Die Lehrerin dreht sich um und sagt unwirsch zu den Kindern: „Ach, du meine Güte! Könnt ihr noch nicht mal vernünftig alleine klar kommen?“
Sie verlässt den Geräteraum widerwillig, macht eine abwertende Handbewegung in Richtung der Kinder und hat einen unfreundlichen Gesichtsausdruck. „Wenn ihr noch nicht mal in der Lage seid, vernünftig Fußball zu spielen, dann hören wir jetzt eben damit auf. Das habt ihr euch dann selbst zu zuschreiben.“
Sie bricht das Spiel mit einem Pfiff ab und fordert die Kinder auf, in den Mittelkreis zu kommen. Hier erläutert sie noch einmal für alle, warum sie das Spiel abgebrochen hat. Sie zeigt sich ungehalten darüber, dass das nicht besser geklappt hatte.
Einige Kinder meinen: „Wir waren das doch gar nicht, aber wenn der Paul nicht richtig pfeift, dann ist das ungerecht. Er hat gar nicht gesehen, dass der Ball aus war!“
„Dafür habt ihr uns gefoult!“
Die Lehrerin: „Schluss, jetzt. Das ist jetzt ganz egal. Wir machen jetzt Linienfangen!“
Die Kinder gehen unter Protest und Unmutsäußerungen auf die Linien. Paul nimmt trotz des Gipsarms am Linienfangen teil, ohne dass die Lehrerin ihn auffordert, sich auf die Bank zu setzen.


Fallinterpretation:
Interpretation 1: Sina Marie Ruess, Studentin Lehramt Primarstufe, PH Freiburg
Nach Ehni (2003) versteht man unter „spielen“ eine Handlung, die „auf der Außenseite die objektiven Gebilde der Spiele und auf der Innenseite die Subjektivität bzw.
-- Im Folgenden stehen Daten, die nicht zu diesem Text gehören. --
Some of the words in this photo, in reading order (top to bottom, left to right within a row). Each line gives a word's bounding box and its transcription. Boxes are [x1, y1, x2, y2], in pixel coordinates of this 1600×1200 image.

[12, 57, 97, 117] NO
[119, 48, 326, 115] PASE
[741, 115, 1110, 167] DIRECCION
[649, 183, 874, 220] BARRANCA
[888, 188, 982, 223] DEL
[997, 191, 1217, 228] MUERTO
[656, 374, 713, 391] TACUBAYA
Individualität des „Spielers“ hervor[bringt]“ (S.299). „Spiele sind die unterscheidbaren individuellen und kulturellen Produkte menschlicher Spielhandlungen [und] halten den Prozess des Spielens in Form von Spielideen, Spielzielen und Spielregeln fest“ (ebd.: 300).
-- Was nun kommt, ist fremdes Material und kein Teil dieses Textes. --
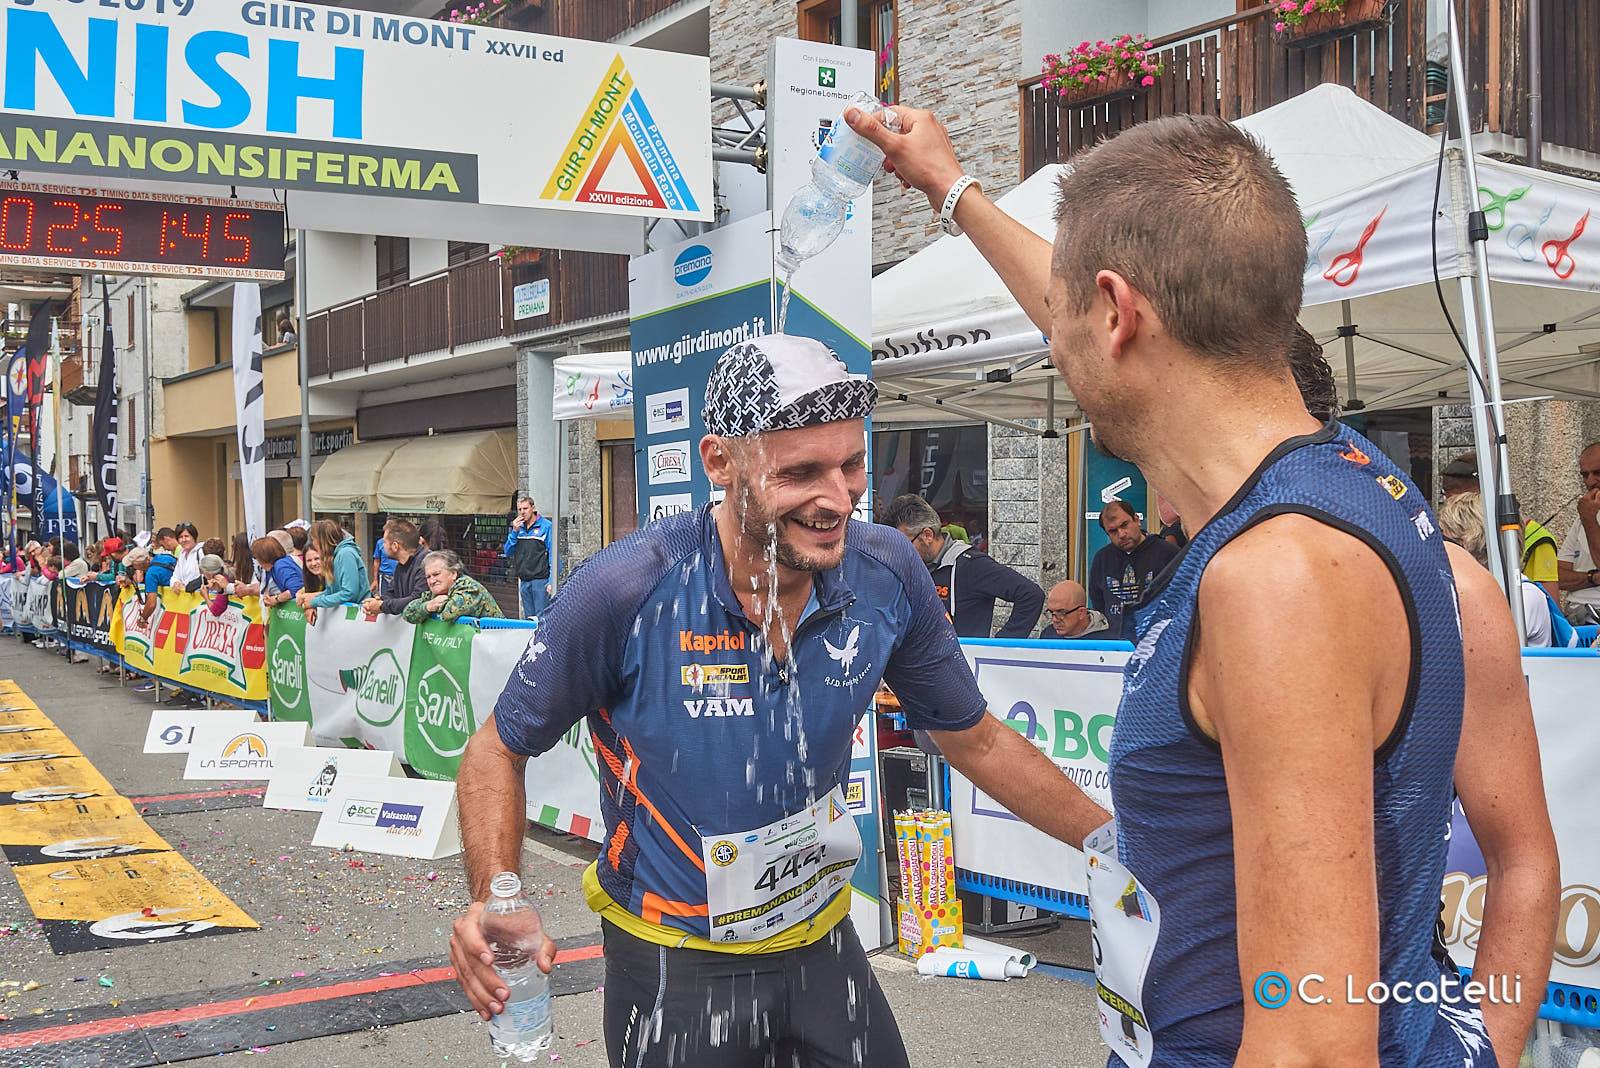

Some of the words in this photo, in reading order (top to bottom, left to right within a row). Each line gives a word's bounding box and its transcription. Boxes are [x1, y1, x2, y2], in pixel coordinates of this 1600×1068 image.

[241, 1, 315, 32] GIIR
[326, 10, 361, 38] DI
[373, 18, 476, 51] MONT
[485, 39, 537, 61] XXVII
[542, 47, 564, 63] ed
[4, 7, 364, 140] NISH
[556, 151, 586, 192] GIIR
[577, 128, 597, 151] DI
[590, 71, 626, 129] MONT
[624, 111, 659, 174] Mountain
[656, 173, 677, 206] Race
[647, 123, 681, 181] Premana
[21, 182, 40, 191] DATA
[42, 184, 76, 194] SERVICE
[101, 189, 130, 198] TIMING
[132, 191, 150, 200] DATA
[151, 193, 185, 202] SERVICE
[206, 197, 234, 207] TIMING
[235, 198, 253, 208] DATA
[254, 200, 284, 211] SERVICE
[588, 192, 613, 204] XXVII
[615, 194, 654, 207] edizione
[21, 256, 41, 265] DATA
[42, 257, 77, 267] SERVICE
[101, 261, 130, 270] TIMING
[131, 262, 150, 271] DATA
[151, 263, 185, 273] SERVICE
[206, 267, 234, 276] TIMING
[235, 268, 253, 277] DATA
[254, 269, 285, 279] SERVICE
[674, 256, 712, 276] premana
[635, 316, 766, 367] www.giirdimont.it
[657, 454, 681, 469] CIRESA
[193, 608, 238, 659] CIRESA
[442, 635, 463, 648] ITALY
[679, 629, 745, 655] Kapriol
[271, 648, 303, 690] Sanelli
[720, 667, 746, 675] SPORT
[683, 697, 755, 718] VAM
[200, 759, 216, 769] LA
[357, 806, 378, 815] BCC
[381, 809, 418, 822] Valsassina
[1018, 906, 1027, 920] 7
Beim Sportspiel geht es nur darum, nach Regeln zu spielen, während beim Spiel nach und mit Regeln gespielt wird. Das heißt, dass Spiele Gelegenheiten geben, um Fähigkeiten, die wenig beherrscht werden, unter veränderten Bedingungen durchzuführen. Es stärkt das Selbstvertrauen der Schüler, indem sie ihr Können unter diesen Bedingungen erleben (vgl. Kolb 2005a). Dies führt dazu, dass im Spiel „Sicherheiten aufgegeben und neue Herausforderungen gesucht“ (ebd.: 28) werden. „Das Sportspiel [hingegen] stellt ein konkurrenzorientiertes Spiel dar“ (ebd.: 27) und im Vordergrund steht das Vergleichen zweier Spielparteien. Bei dem größten Teil der Sportspiele besteht der Spielgedanke darin, dass eine Partei [ihr Können] an dem einer gegnerischen Partei“ (ebd.: 27) misst.
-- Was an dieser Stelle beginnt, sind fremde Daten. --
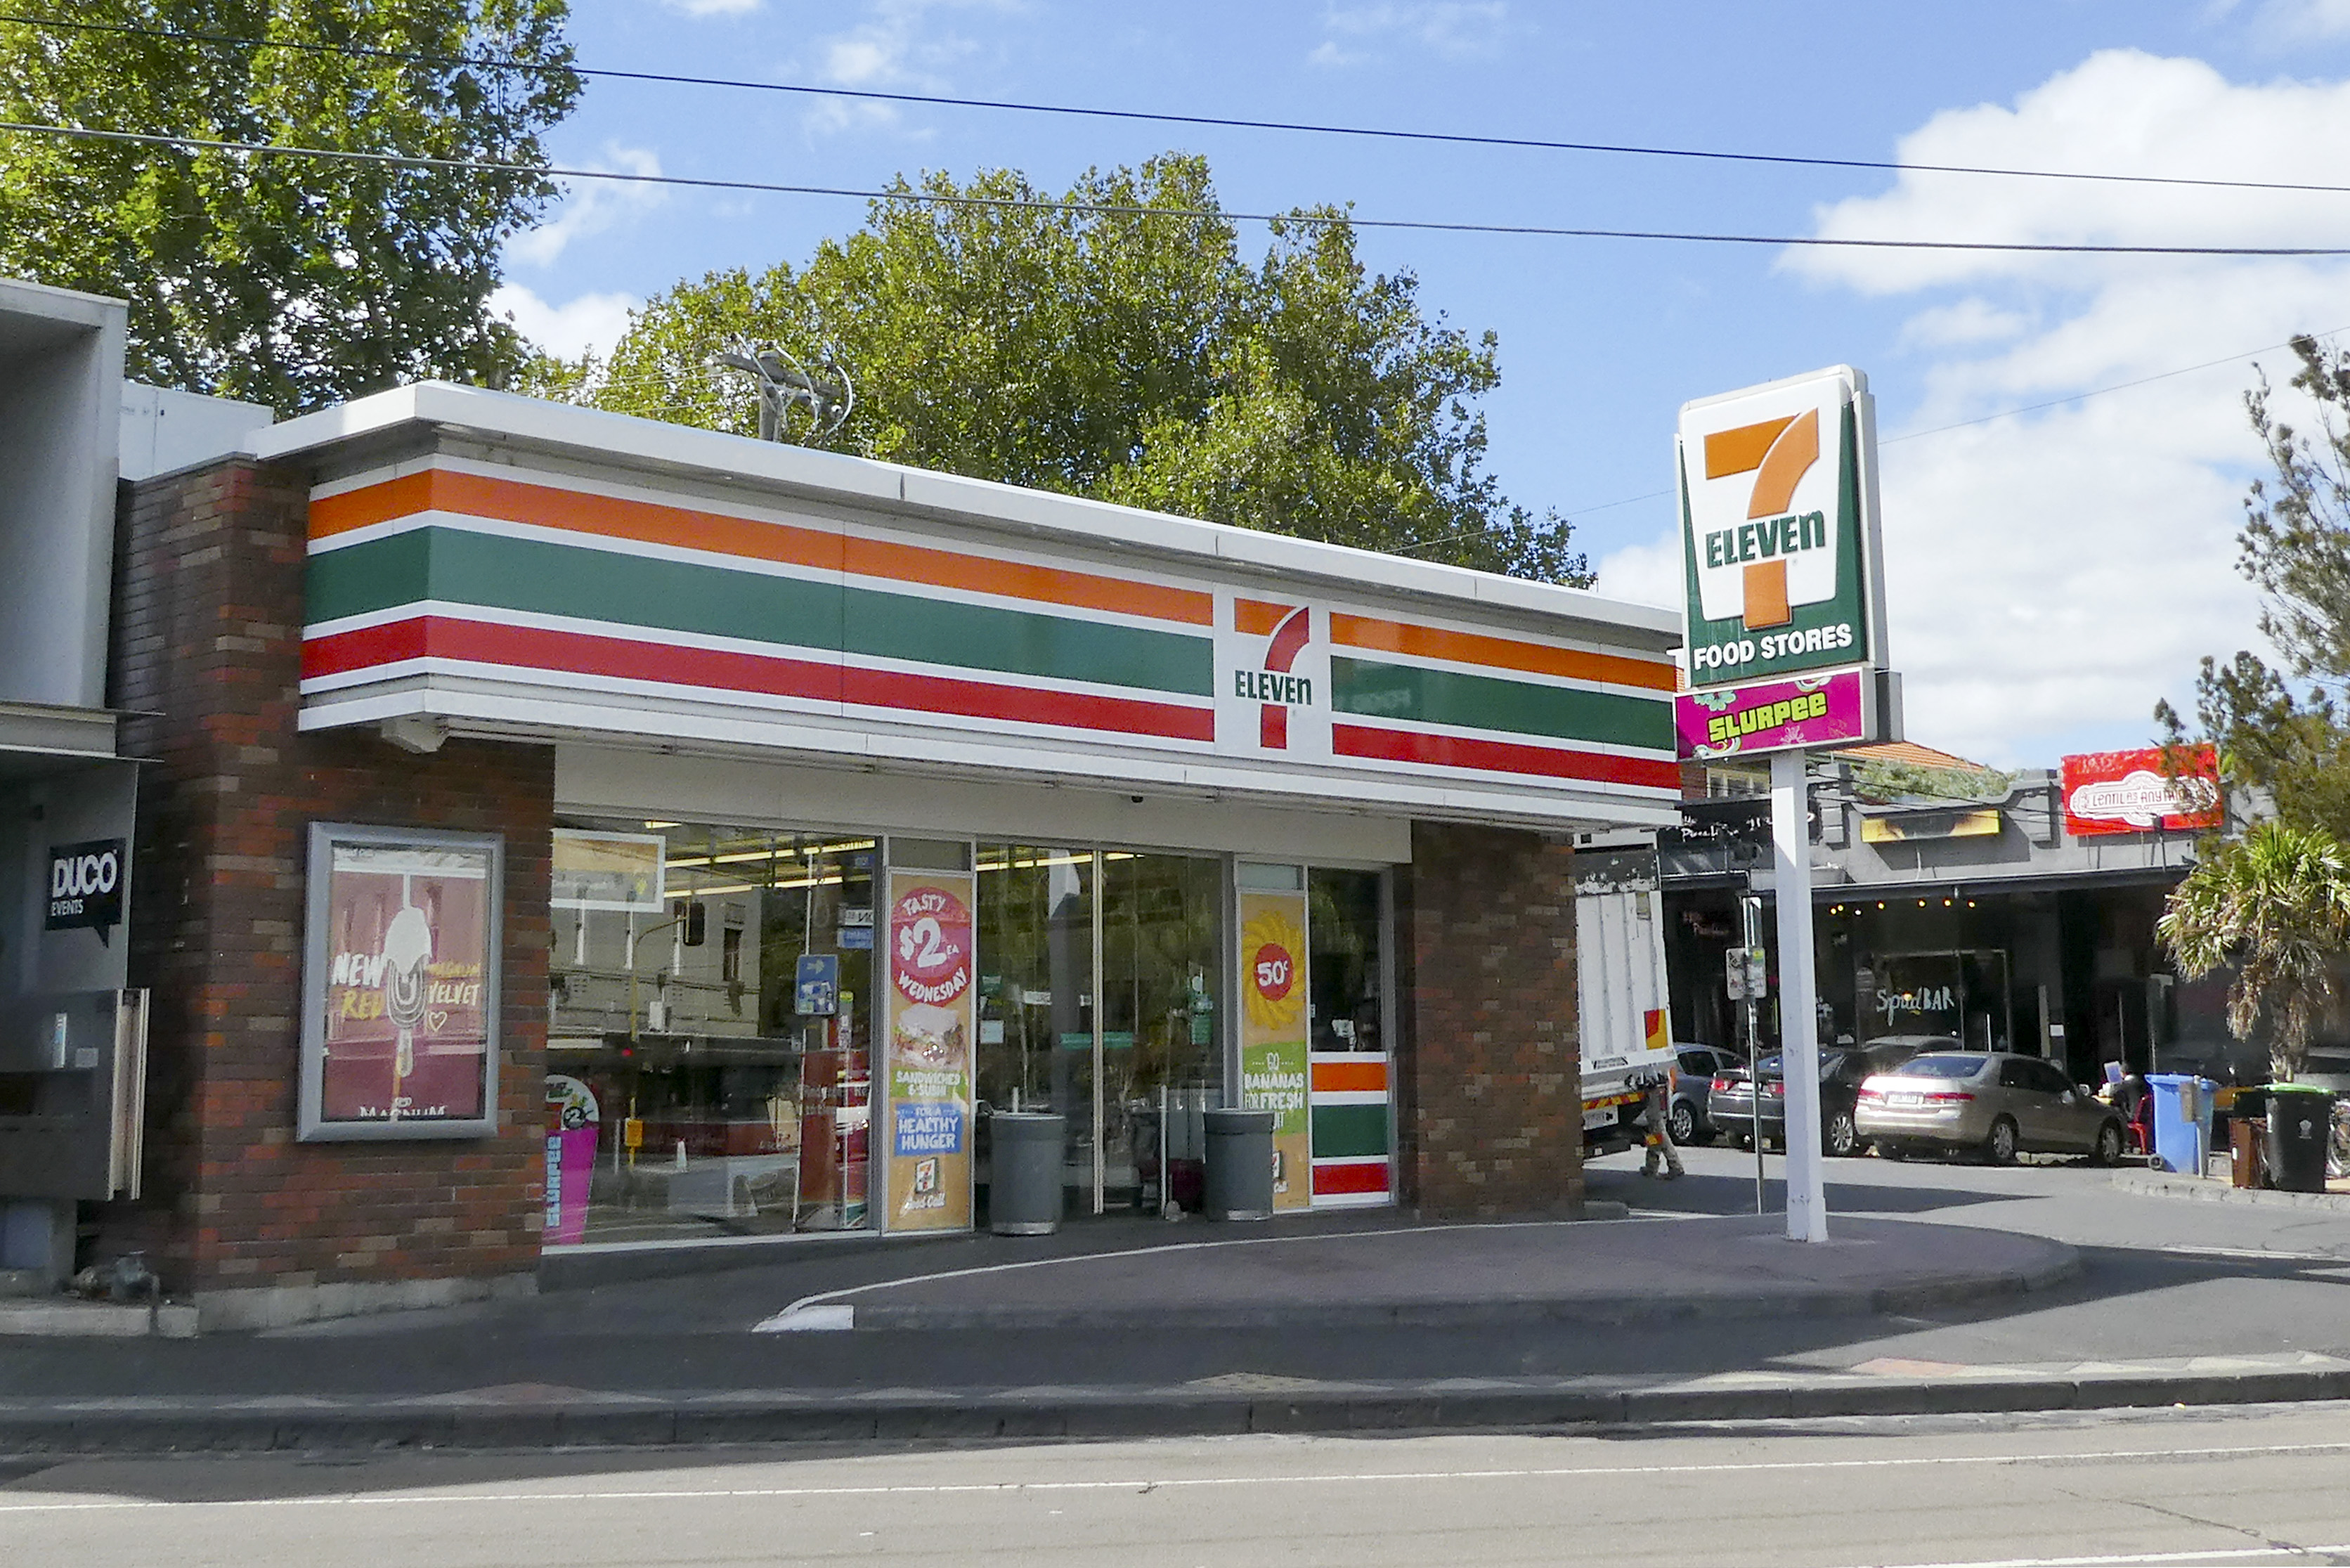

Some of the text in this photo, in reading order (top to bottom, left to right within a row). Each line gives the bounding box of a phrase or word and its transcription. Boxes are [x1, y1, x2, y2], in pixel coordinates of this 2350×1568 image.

[1703, 408, 1820, 630] 7
[1694, 623, 1853, 671] FOOD STORES
[1234, 597, 1310, 750] 7
[53, 851, 118, 898] DUCO
[51, 899, 84, 916] EVENTS
[902, 893, 947, 916] TASTY
[899, 916, 947, 968] $2
[332, 951, 386, 988] NEW
[427, 980, 481, 1006] VELVET
[898, 966, 968, 1004] WEDNESDAY
[340, 990, 382, 1023] RED
[896, 1070, 961, 1086] SANDWICHES
[918, 1084, 947, 1096] SUSHI
[1244, 1072, 1304, 1089] BANANAS
[935, 1106, 942, 1117] A
[1245, 1091, 1304, 1111] FOR FRESH
[898, 1116, 959, 1134] HEALTHY
[901, 1132, 956, 1151] HUNGER
Dietrich (1980) unterscheidet drei Spielformen: Objektspiele, Imitationsspiele und Regelspiele. Bei den Objektspielen geht es um das „Spielen mit etwas“. Dabei spielt die Umweltbewältigung eine Rolle und es „werden vorwiegend materiale und motorische Erfahrungen gemacht“ (ebd.: 17) wie z.B. beim Hula-hoop-Kreisen. Imitationsspiele bedeuten „Spielen als etwas“ und haben das Ziel der „Selbstbestimmung und Selbstverwirklichung der Schüler“ (ebd.: 17). Zu nennen wäre hier als Beispiel das „Vater-Mutter-Kind“ Spiel. Die Kinder begegnen einer Scheinwelt und „die Spielhandlungen werden sprachlich entworfen, begleitet und reflektiert“ (ebd.: 17). Bei der letzten Spielform, den Regelspielen, geht es um das „Spielen um etwas“. Die Kinder müssen bestimmte Regeln einheitlich anerkennen und nach diesen Regeln auch spielen. Das heißt, sie müssen die Regeln zum einen verstehen und sich auch dementsprechend verhalten, um ein Regelspiel zu ermöglichen (vgl. Kolb 2005a). Dabei wird noch zwischen großen und kleinen Spielen unterschieden. Die großen Spiele wie Fußball, Volleyball,…haben ein festes Regelwerk, während die kleinen Spiele wie z.B. die Fangspiele kein festes Regelwerk haben und somit schnell in Gang gesetzt werden können.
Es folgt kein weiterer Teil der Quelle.